*The input:*
——————————
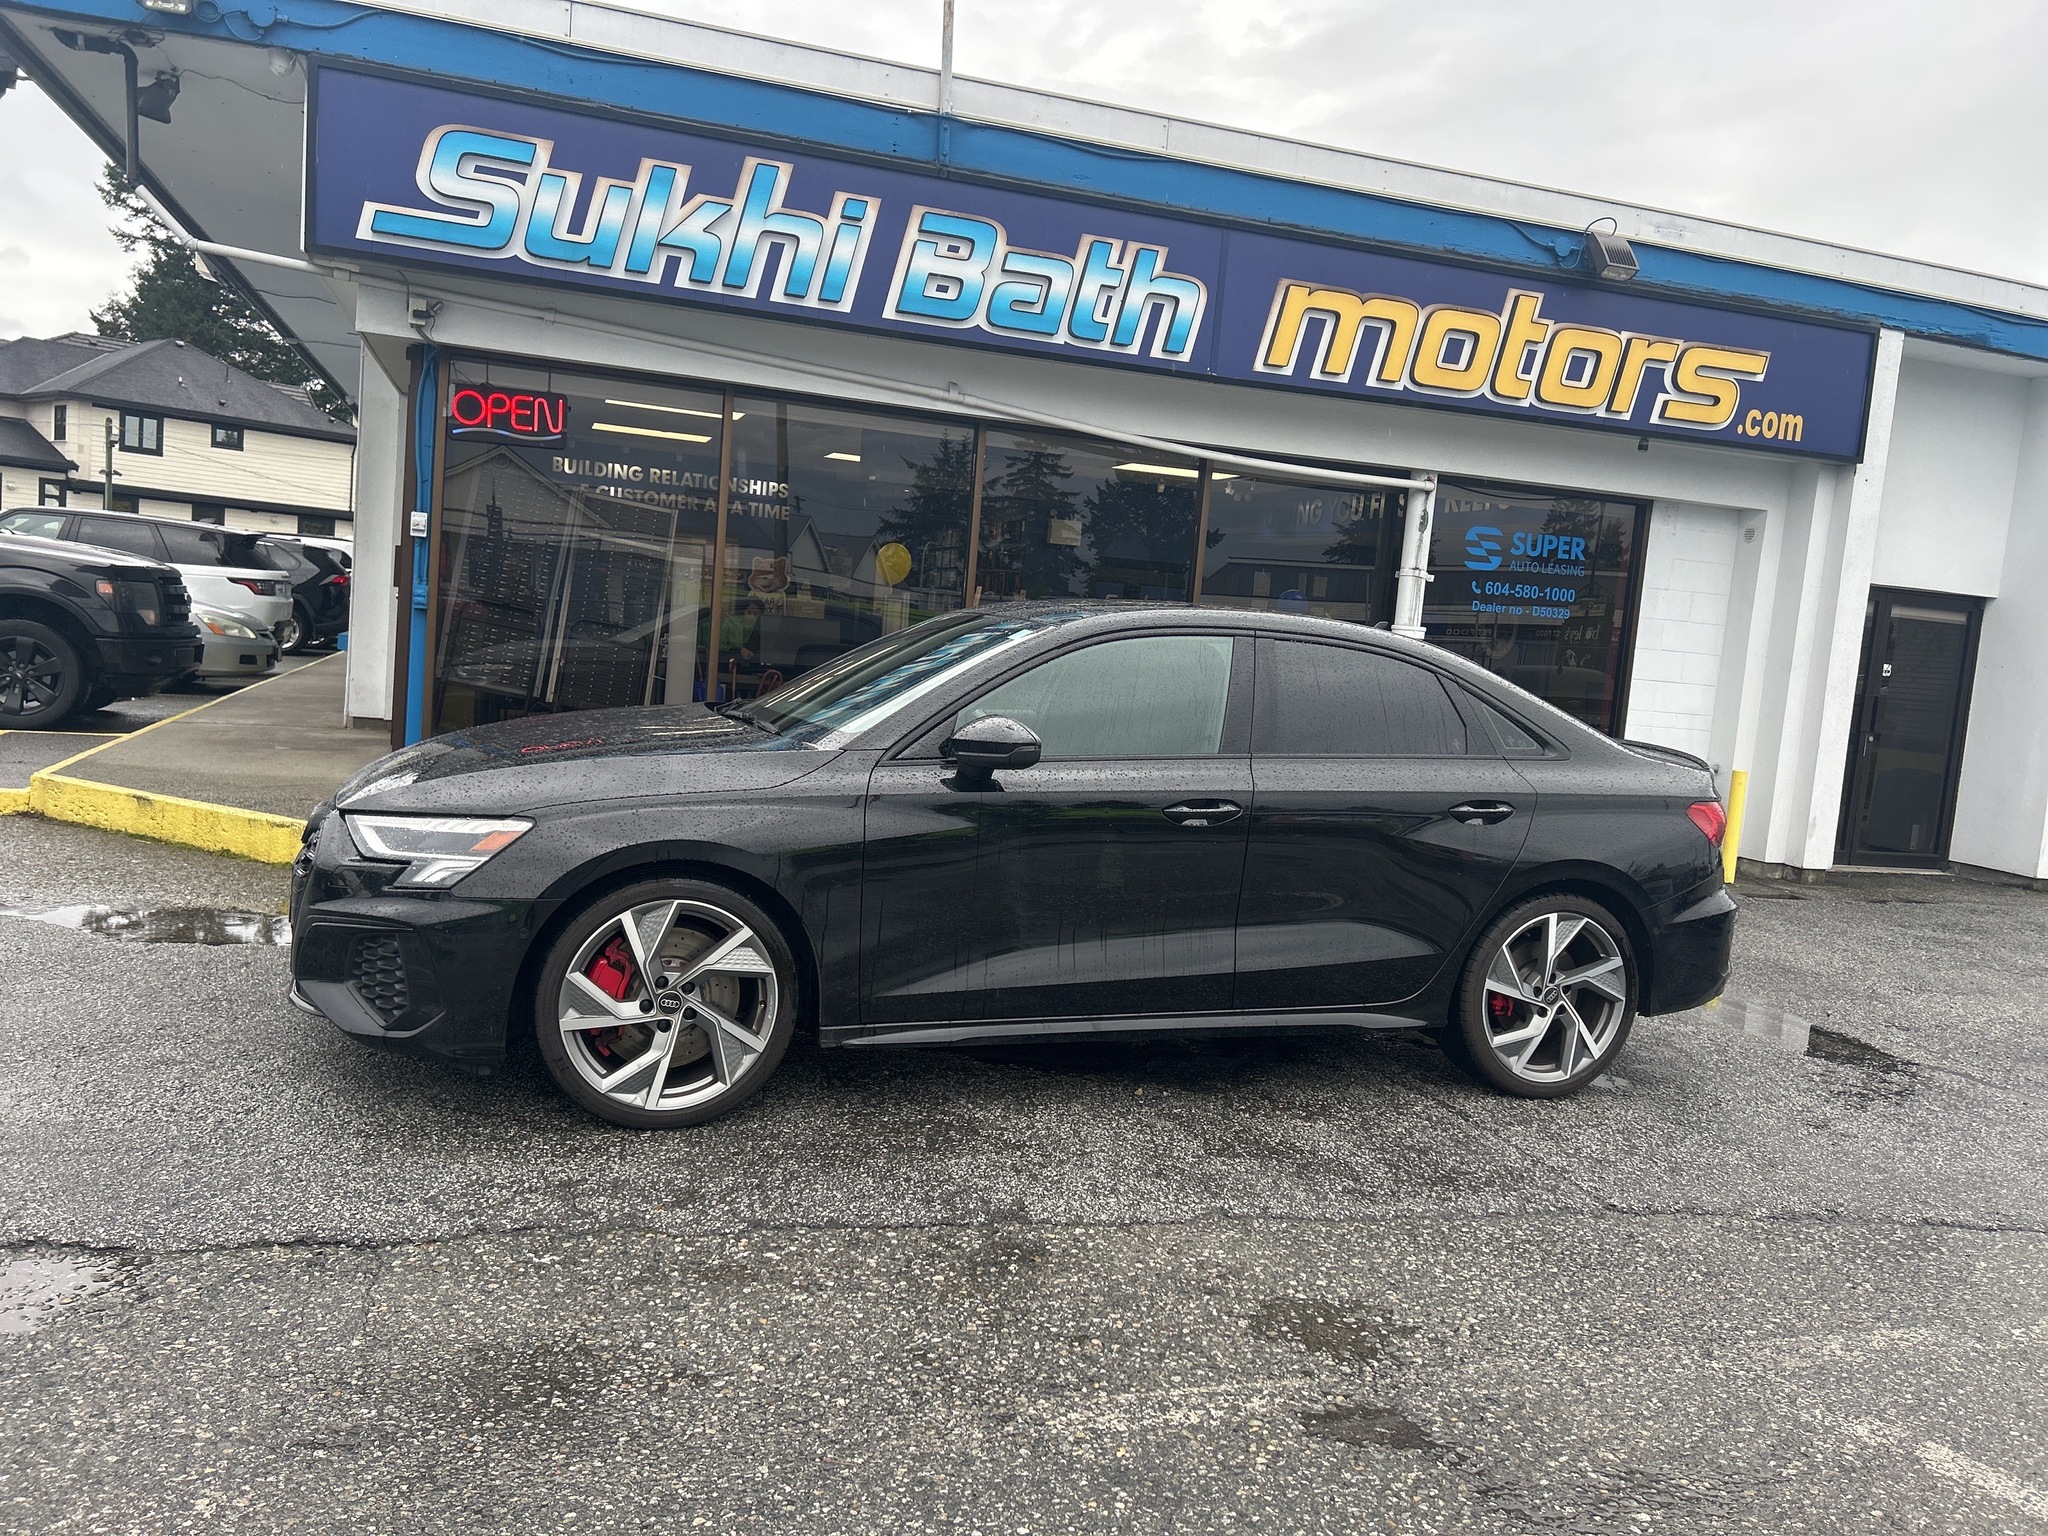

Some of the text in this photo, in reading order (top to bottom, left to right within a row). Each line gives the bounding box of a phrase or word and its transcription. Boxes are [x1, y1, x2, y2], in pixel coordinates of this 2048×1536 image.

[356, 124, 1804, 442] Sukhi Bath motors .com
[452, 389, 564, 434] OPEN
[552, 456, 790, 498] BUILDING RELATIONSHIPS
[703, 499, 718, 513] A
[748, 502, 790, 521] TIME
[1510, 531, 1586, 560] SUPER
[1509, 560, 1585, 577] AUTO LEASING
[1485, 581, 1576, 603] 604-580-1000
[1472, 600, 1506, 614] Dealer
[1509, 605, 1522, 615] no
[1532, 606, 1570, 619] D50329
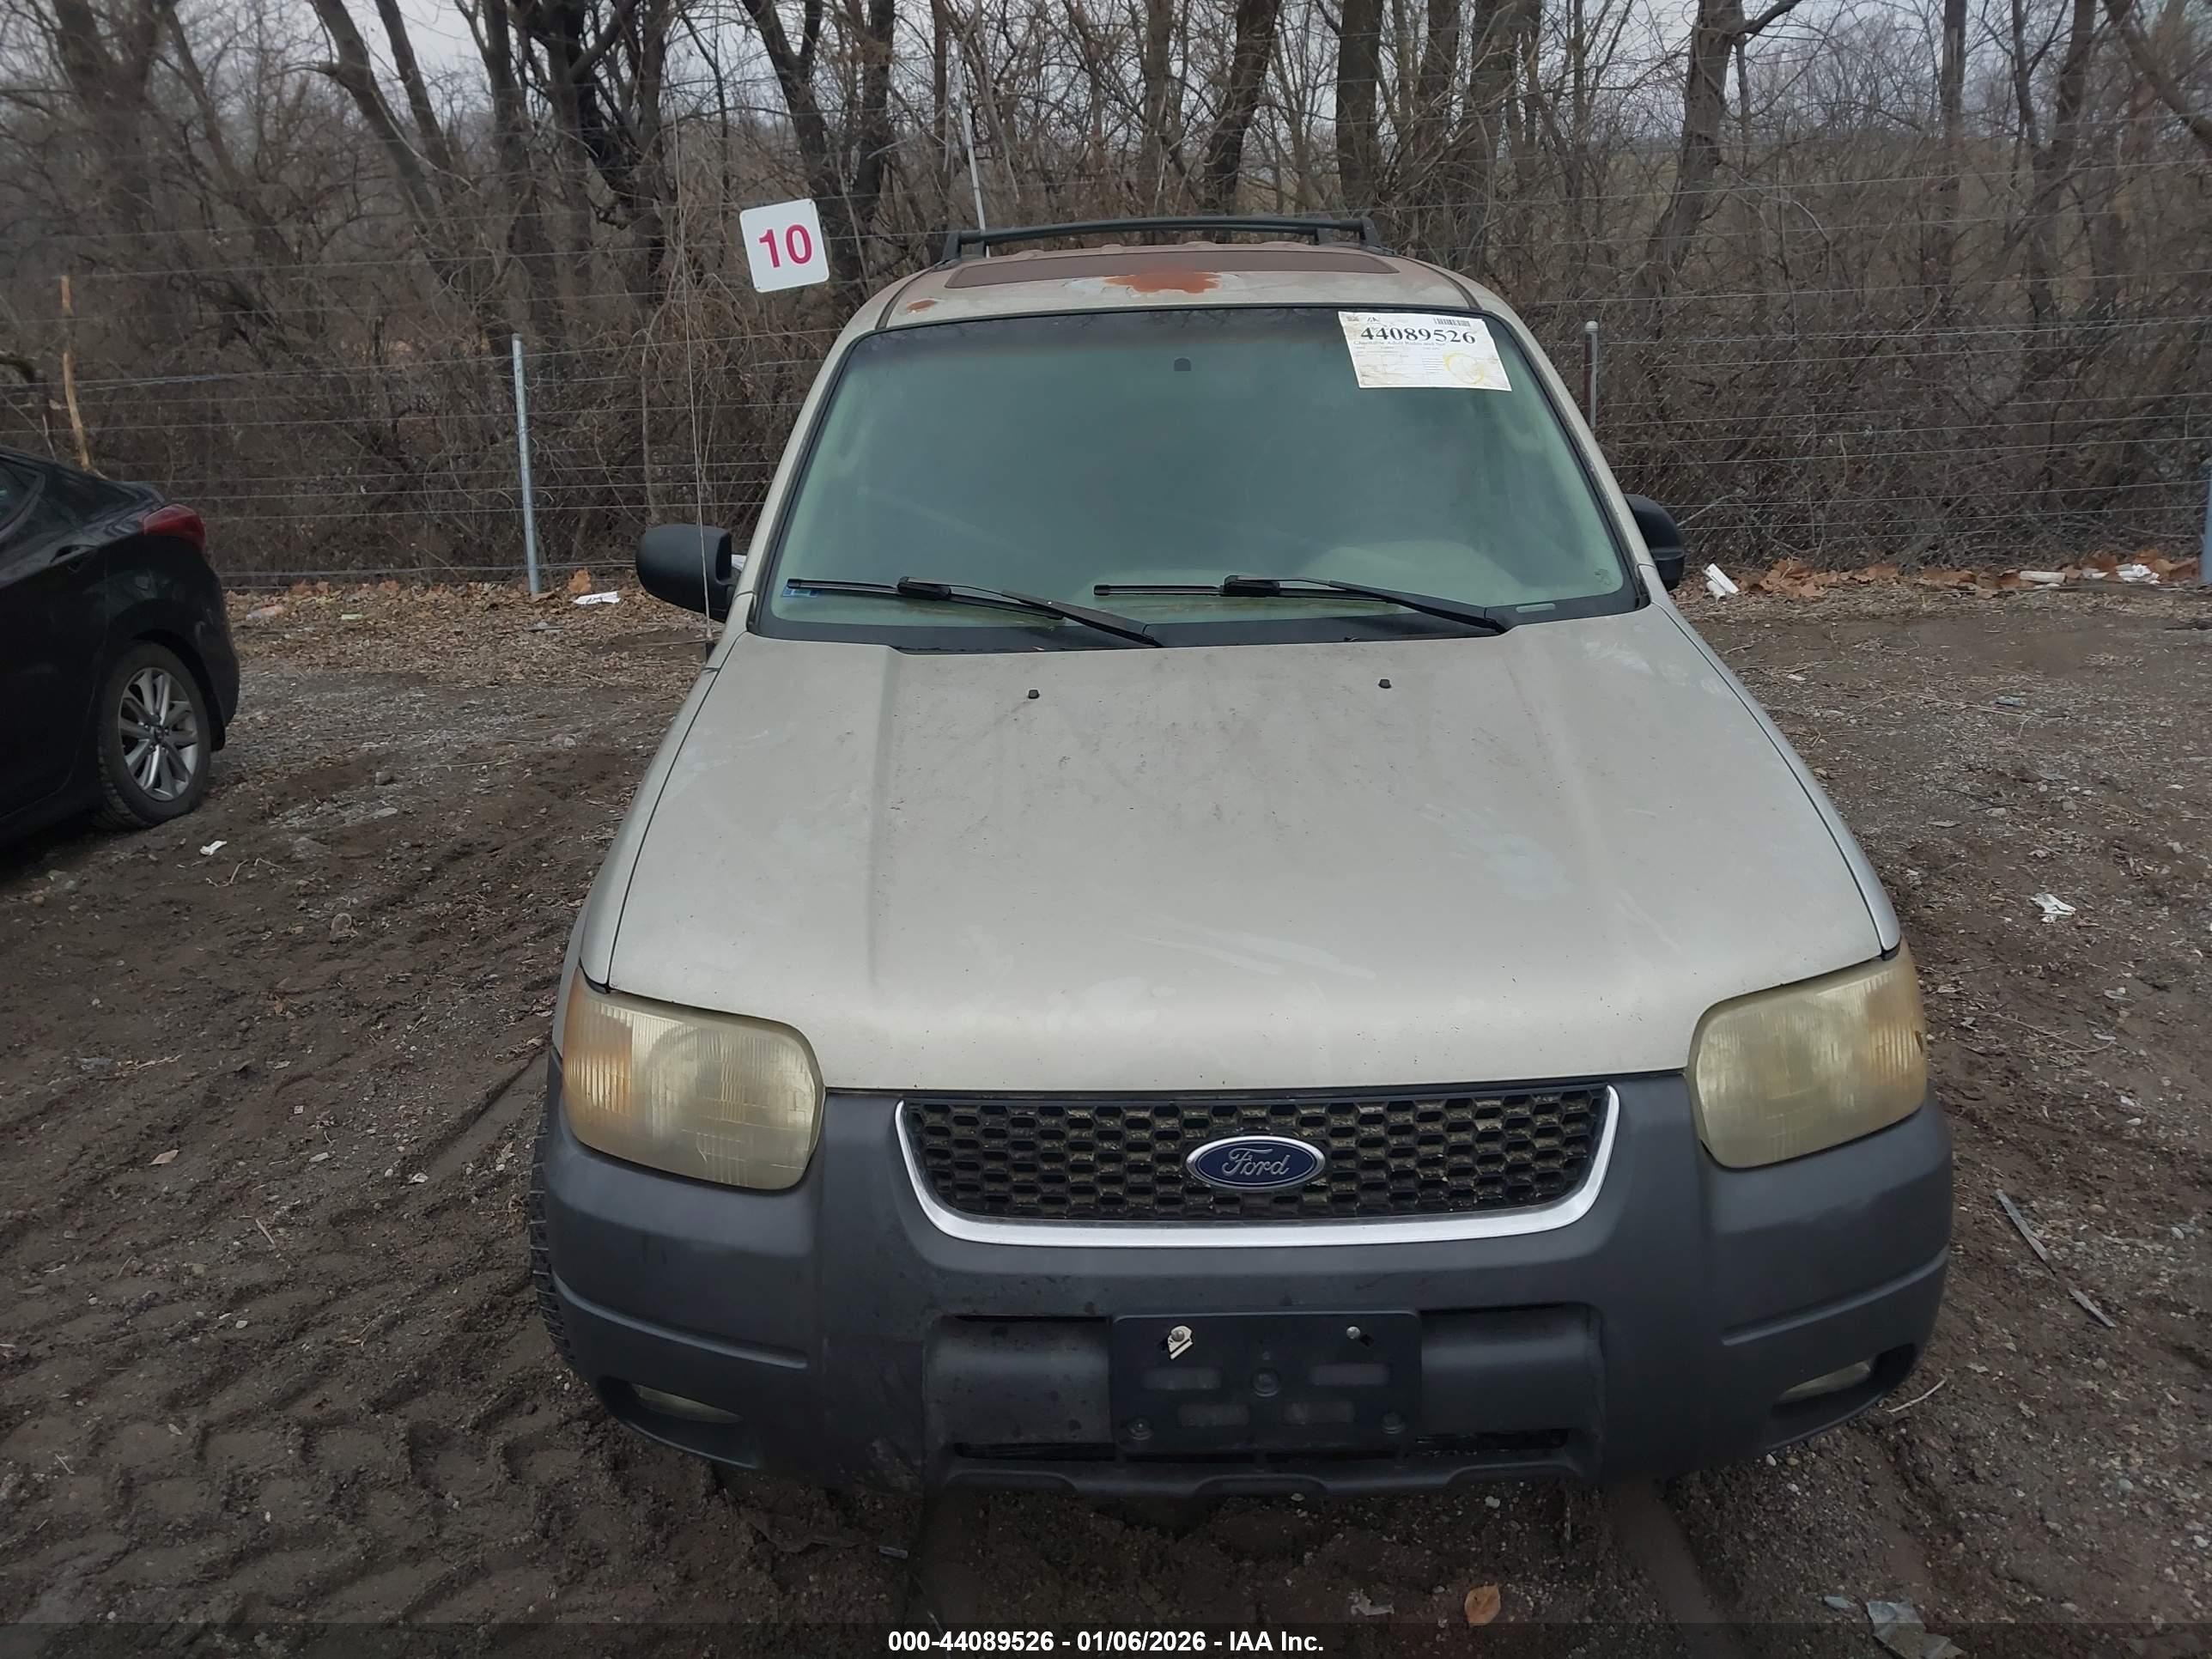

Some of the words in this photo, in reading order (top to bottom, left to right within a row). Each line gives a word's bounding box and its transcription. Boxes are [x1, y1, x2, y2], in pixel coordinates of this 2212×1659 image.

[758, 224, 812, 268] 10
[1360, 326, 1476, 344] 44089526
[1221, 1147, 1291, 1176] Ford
——————————
*What needs to be done:*
Only the lines from the one containing "Some of the words" through the end of the entries above should be written out, exactly and in full.

*Answer space:*
Some of the words in this photo, in reading order (top to bottom, left to right within a row). Each line gives a word's bounding box and its transcription. Boxes are [x1, y1, x2, y2], in pixel coordinates of this 2212×1659 image.

[758, 224, 812, 268] 10
[1360, 326, 1476, 344] 44089526
[1221, 1147, 1291, 1176] Ford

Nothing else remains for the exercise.